Tag Archives: Robert Altman

The Long Goodbye (1973, Robert Altman)

From the first scene in The Long Goodbye, it’s obvious Robert Altman was on to something with casting Elliott Gould as a character (Philip Marlowe) most famously personified by Humphrey Bogart. It isn’t just Gould not being Bogart and Gould not being a traditional noir detective in any way (Gould’s Marlowe is more concerned with his cat), it’s also very simple–it’s Elliott Gould. Gould’s performance in Long Goodbye is certainly the most different from his traditional performances (the ones he still does today); the most actorly, even though “actorly” isn’t a word. But part of Gould’s initial effectiveness–before the mystery aspect takes off (and it’s Chandler, so it’s never about who done it but about the detective trying to find out who done it)–is seeing Gould play this role and not give that traditional performance. For the first few minutes, it creates some disturbance, but Gould’s almost immediately successful in his part. Altman waits a little while–giving Gould the initial adventures–to ease the audience into it, but then he runs with it.

The Long Goodbye is most stunning through its sound. Though Altman’s got an almost constantly moving (even if it’s just slightly panning) camera, the sound design sets it apart from everything else. The mystery aspect is, like I said before, not so mysterious, but the rest of the film is convoluted in that Chandler way and Altman will bring up the sounds of the waves to further confound understanding. Much of the Philip Marlowe commentary on the human situation is kept, but it’s lowered in volume–Gould mutters it when he walks along, the people he encounters either asking him to repeat it or to explain it.

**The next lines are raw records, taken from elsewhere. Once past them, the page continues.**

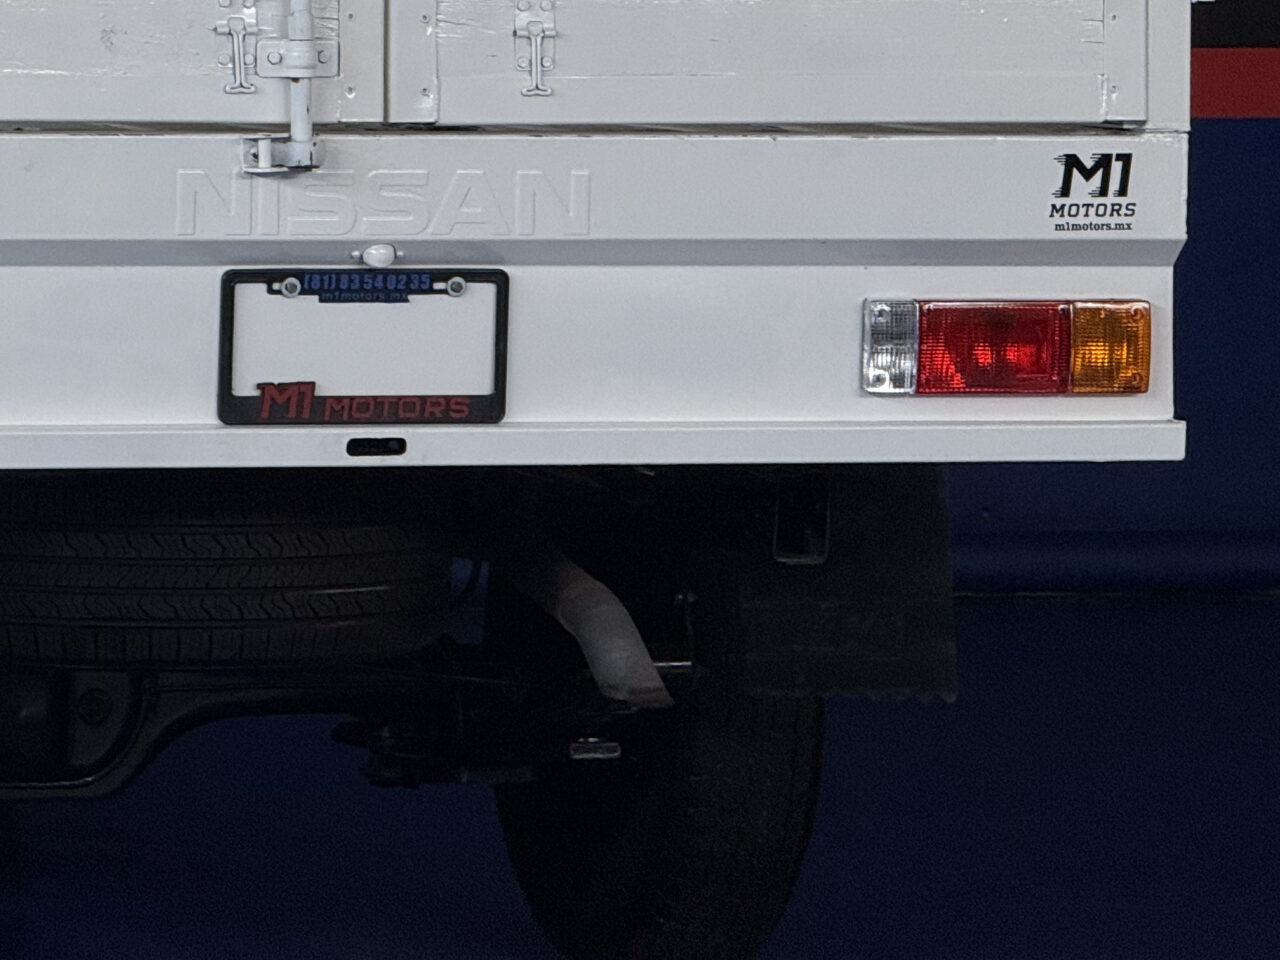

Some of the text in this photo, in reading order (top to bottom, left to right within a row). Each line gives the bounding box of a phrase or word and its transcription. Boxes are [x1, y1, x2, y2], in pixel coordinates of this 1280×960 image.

[1051, 152, 1133, 199] M1
[176, 168, 591, 236] NISSAN
[1049, 202, 1137, 218] MOTORS
[1054, 221, 1133, 232] m1motors.mx
[259, 382, 472, 421] M1 MOTORS

Of all Altman’s films, certainly those he made after Nashville, The Long Goodbye seems to be the one he’s most visibly excited about. Even when it’s a film he loves, he’s always slightly bored with the filmmaking processes–even when he’s doing his famous (self-loathing) crane shots or when he’s doing interesting sound work. The Long Goodbye is the least Altman-esque film I’ve seen and probably his best.

4/4★★★★

CREDITS

Directed by Robert Altman; written by Leigh Brackett, based on the novel by Raymond Chandler; director of photography, Vilmos Zsigmond; edited by Lou Lombardo; music by John Williams; produced by Jerry Bick; released by United Artists.

Starring Elliott Gould (Philip Marlowe), Nina Van Pallandt (Eileen Wade), Sterling Hayden (Roger Wade), Mark Rydell (Marty Augustine), Henry Gibson (Dr. Verringer), David Arkin (Harry), Jim Bouton (Terry Lennox) and Stephen Coit (Farmer).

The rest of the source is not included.